II. THE FEDERAL WAIVERS

The benefits program at issue, AFDC, is a cooperative federalism program created by the Social Security Act of 1935, 42 U.S.C. Secs. 601-687. Participating states and the federal government jointly finance the program and state governments administer it under plans approved by the Secretary of Health and Human Services. Id. While states are not required to participate, participating states must comply with a variety of federal requirements. Alexander v. Choate, 469 U.S. 287, 289 n. 1, 105 S.Ct. 712, 714 n. 1, 83 L.Ed.2d 661 (1985); Rosado v. Wyman, 397 U.S. 397, 417, 90 S.Ct. 1207, 1220, 25 L.Ed.2d 442 (1970).

California concedes that APDP violates several of these requirements, including the "Maintenance of Effort" requirement of 42 U.S.C. Sec. 1396a(c)(1). 4 This section provides that:

the Secretary shall not approve any State plan for medical assistance if--(1) the state has in effect [AFDC] payment levels that are less than the payment levels in effect under such plan on May 1, 1988.

42 U.S.C. Sec. 1396a(c)(1). California's experiment reduces AFDC benefits to below their May 1988 levels. Thus, absent a waiver, the state could not implement the experiment without jeopardizing federal funding of its $14 billion Medicaid program. The California statutes enacting APDP, therefore, refer explicitly to obtaining HHS approval, and do not become effective until thirty days after state officials receive such approval. 5

On September 9, 1992, California officials applied to HHS for a waiver of these various federal laws, pursuant to the Secretary's authority under 42 U.S.C. Sec. 1315(a), which provides that:

In the case of any experimental, pilot, or demonstration project which, in the judgment of the Secretary, is likely to assist in promoting the objectives of subchapter I, X, XIV, XVI or XIX or this chapter, or Part A or D of subchapter IV of this chapter [the AFDC program], in a State or States--

(1) the Secretary may waive compliance with any of the requirements of section 302, 602, 654, 1202, 1352, 1382 or 1396a of this title, as the case may be, to the extent and for the period he finds necessary to enable such State or States to carry out such project.
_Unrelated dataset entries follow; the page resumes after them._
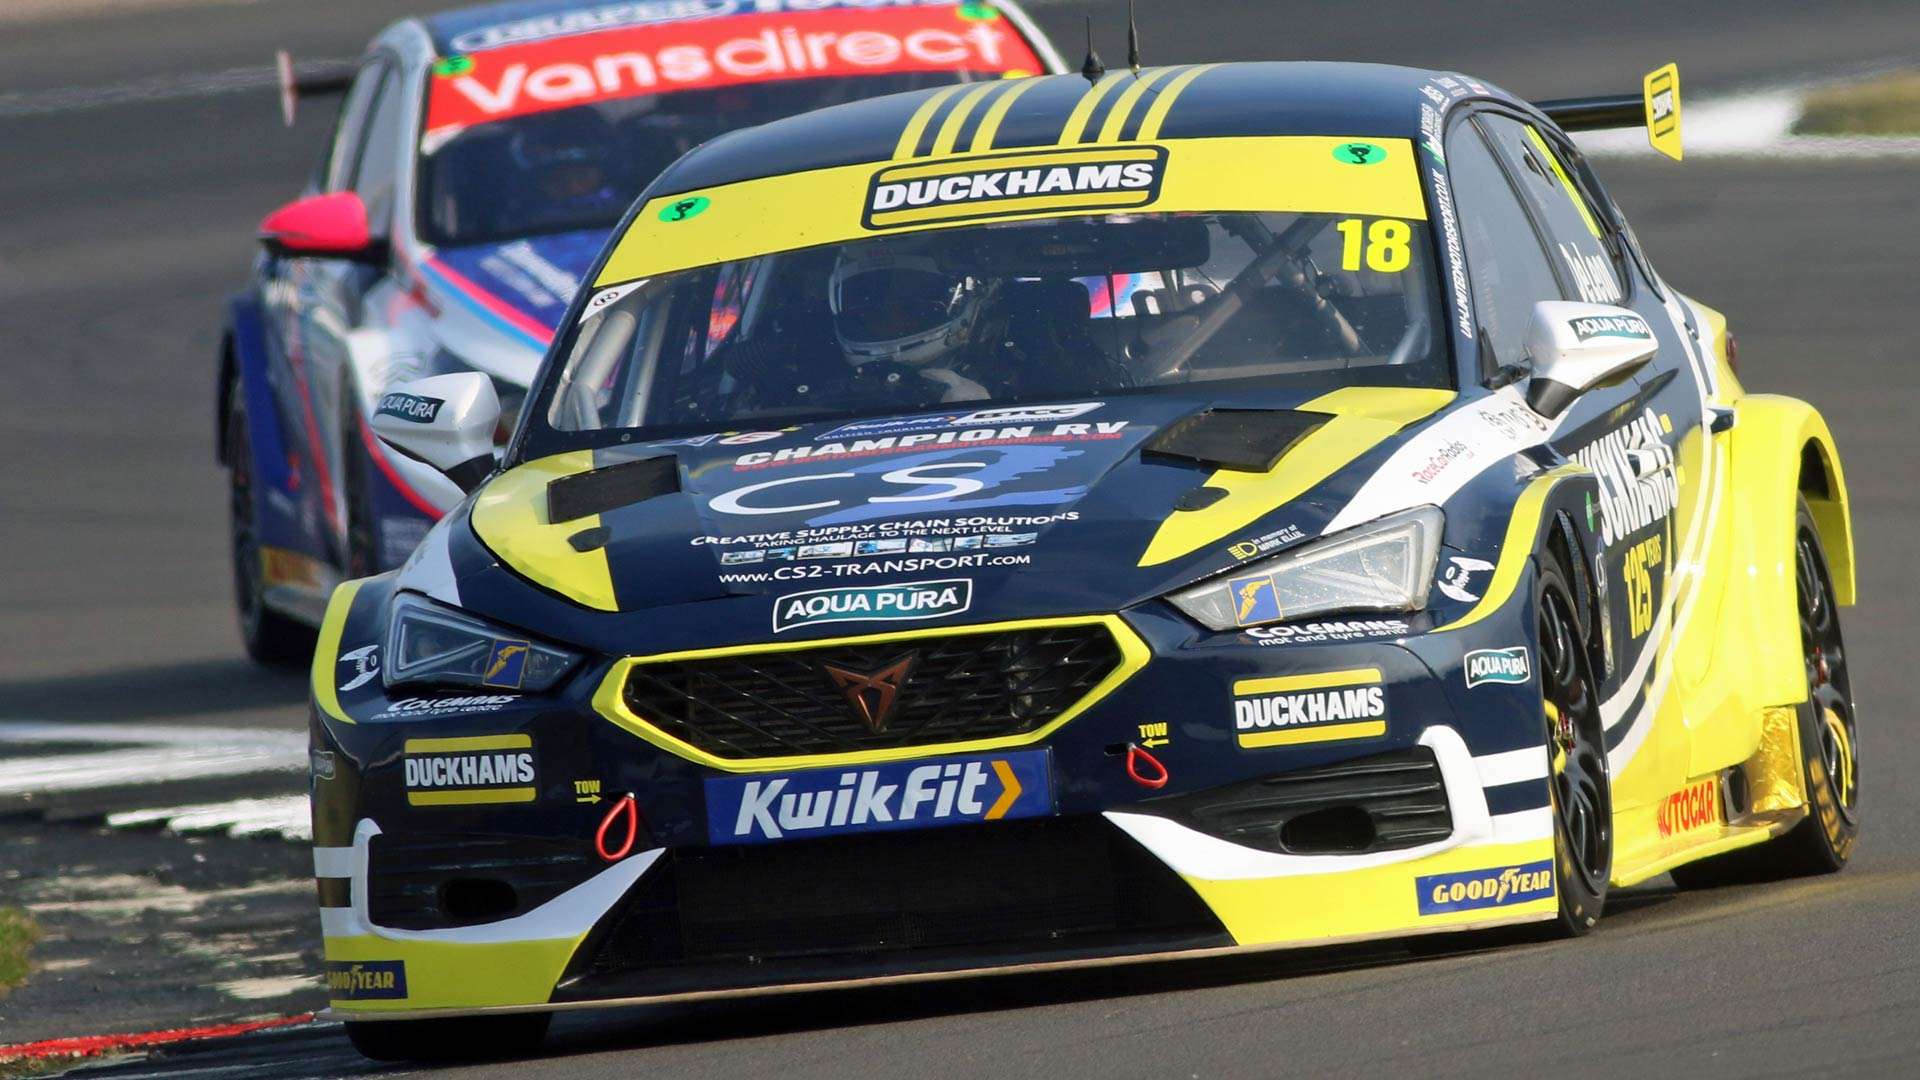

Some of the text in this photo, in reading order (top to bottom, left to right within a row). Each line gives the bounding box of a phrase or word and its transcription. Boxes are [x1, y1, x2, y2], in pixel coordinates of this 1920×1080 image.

[454, 24, 1003, 113] Vansdirect
[873, 163, 1154, 210] DUCKHAMS
[1337, 219, 1411, 272] 18
[1575, 318, 1617, 336] AQUA
[402, 398, 437, 417] PURA
[735, 425, 1034, 466] CHAMPION
[1051, 421, 1129, 436] RV
[690, 511, 1080, 546] CREATIVE SUPPLY CHAIN SOLUTIONS
[754, 525, 1013, 549] TAKING HAULAGE TO THE NEXT LEVEL
[784, 586, 960, 621] AQUA PURA
[1623, 542, 1653, 640] 125
[1245, 619, 1410, 639] COLEMANS
[1258, 637, 1292, 647] mot
[1295, 632, 1328, 643] and
[1329, 631, 1366, 642] tyre
[1470, 655, 1527, 679] AQUA PURA
[1234, 686, 1385, 730] DUCKHAMS
[1138, 722, 1168, 738] TOW
[405, 753, 535, 787] DUCKHAMS
[574, 780, 600, 793] TOW
[1432, 869, 1551, 904] GOODYEAR
California's waiver application alleged that the instant benefits cut would promote the objectives of the Act by creating a "work-incentive" experiment, which would "encourage able-bodied adults" to find work. ER 1167. The state requested authority to make unlimited benefits cuts, and contended that the experiment would help determine whether such work-incentives could be effective in other states. Id.

The state's application did not address the cut's effect on AFDC recipients with disabilities or on child-only families, who could not respond to the work incentive. Nor did it explain why the state had decided to cut benefits to all families in order to study the response of a few recipients in four counties or offer any data about the cut's potential impact on children or low-income families. Rather, it emphasized that the experiment will "save $420 million annually ($208 million federal, $202 million state and $10 million county, with administrative costs taken into account)" and asked HHS to take quick action on the waiver because "[g]iven the current fiscal condition of the State and Federal governments, it is imperative that these reforms be implemented as soon as possible." ER 1167.
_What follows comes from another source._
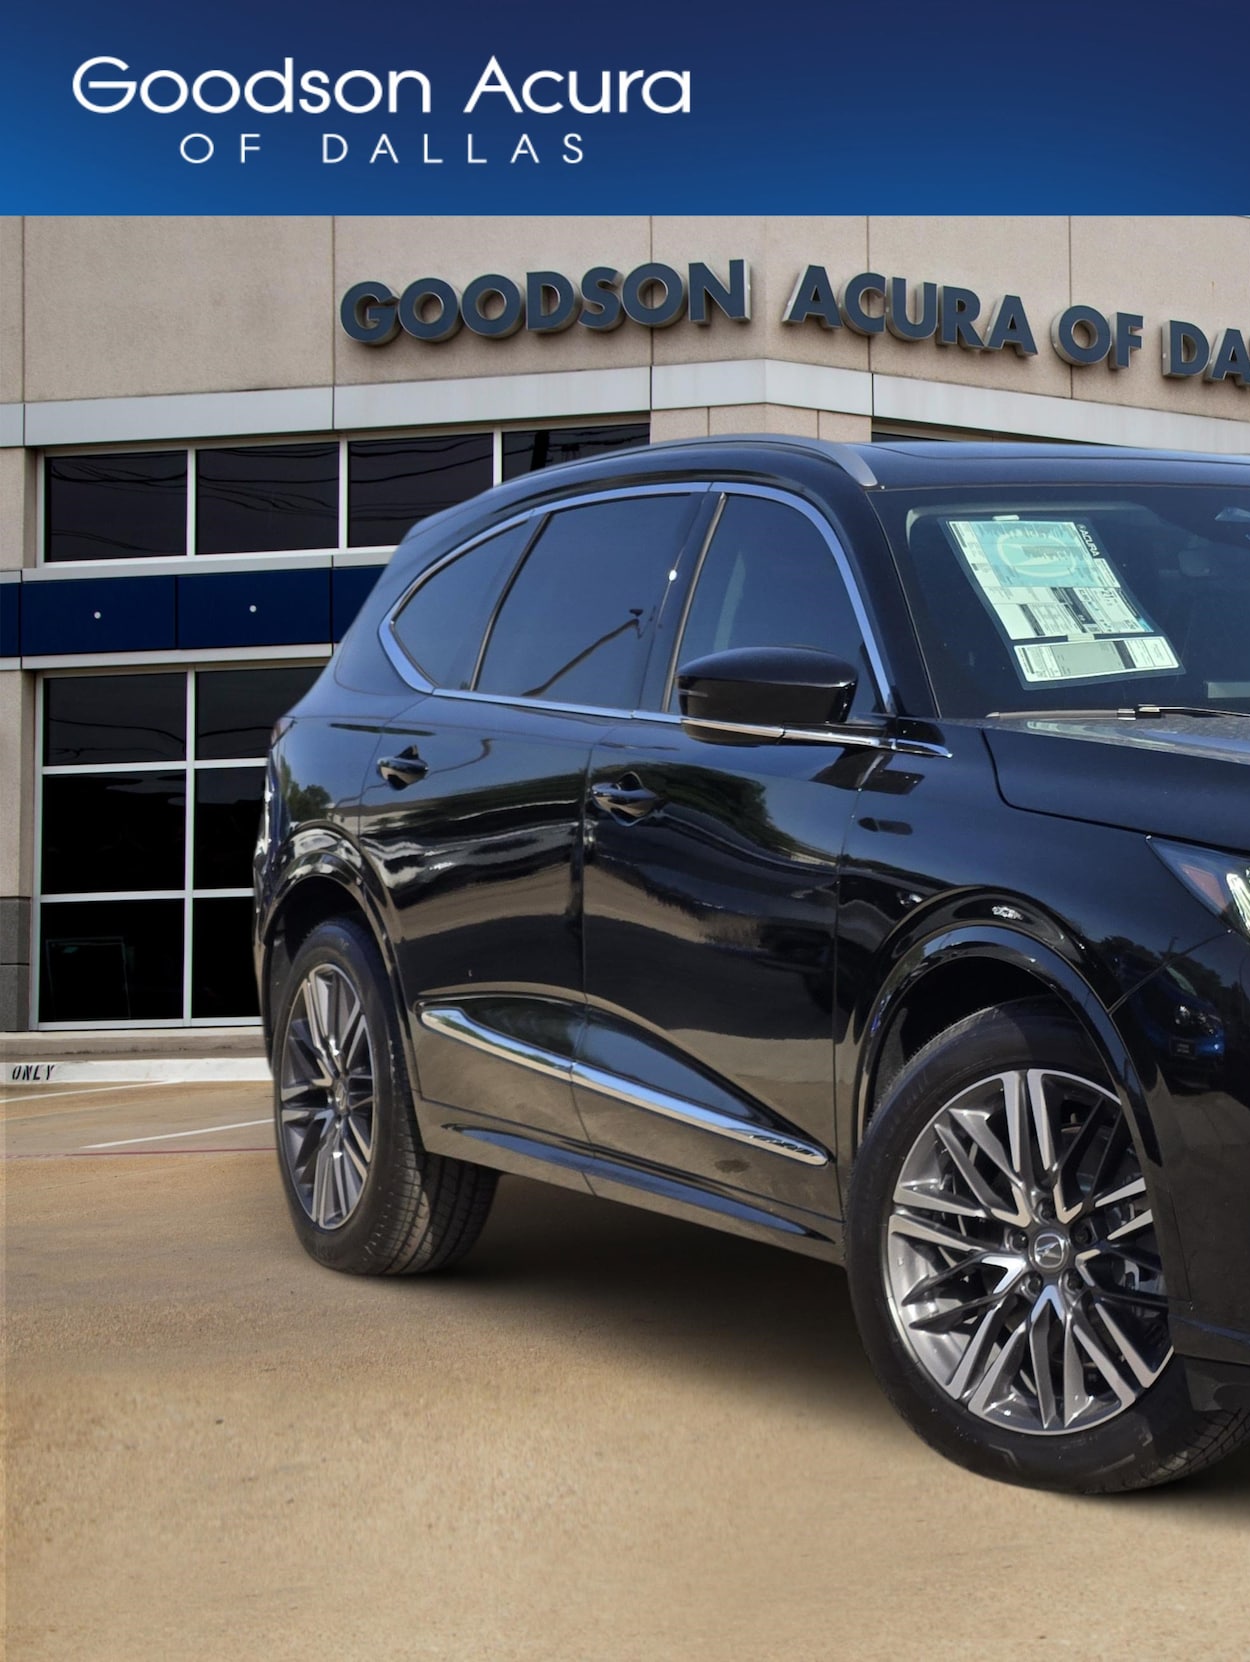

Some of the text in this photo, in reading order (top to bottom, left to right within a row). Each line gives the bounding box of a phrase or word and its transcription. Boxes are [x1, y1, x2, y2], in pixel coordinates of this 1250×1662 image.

On September 29, 1992, less than two weeks after receiving California's proposal, the Secretary faxed state officials a draft "Terms and Conditions" setting forth proposed conditions for approval of the experiment. The draft Terms and Conditions contains detailed provisions concerning "cost neutrality" (i.e. whether the experiment would increase federal expenditures) and data collection, but does not address the need for a statewide cut, the proposed cut's on children, or the need to cut benefits to disabled recipients and child-only AFDC units.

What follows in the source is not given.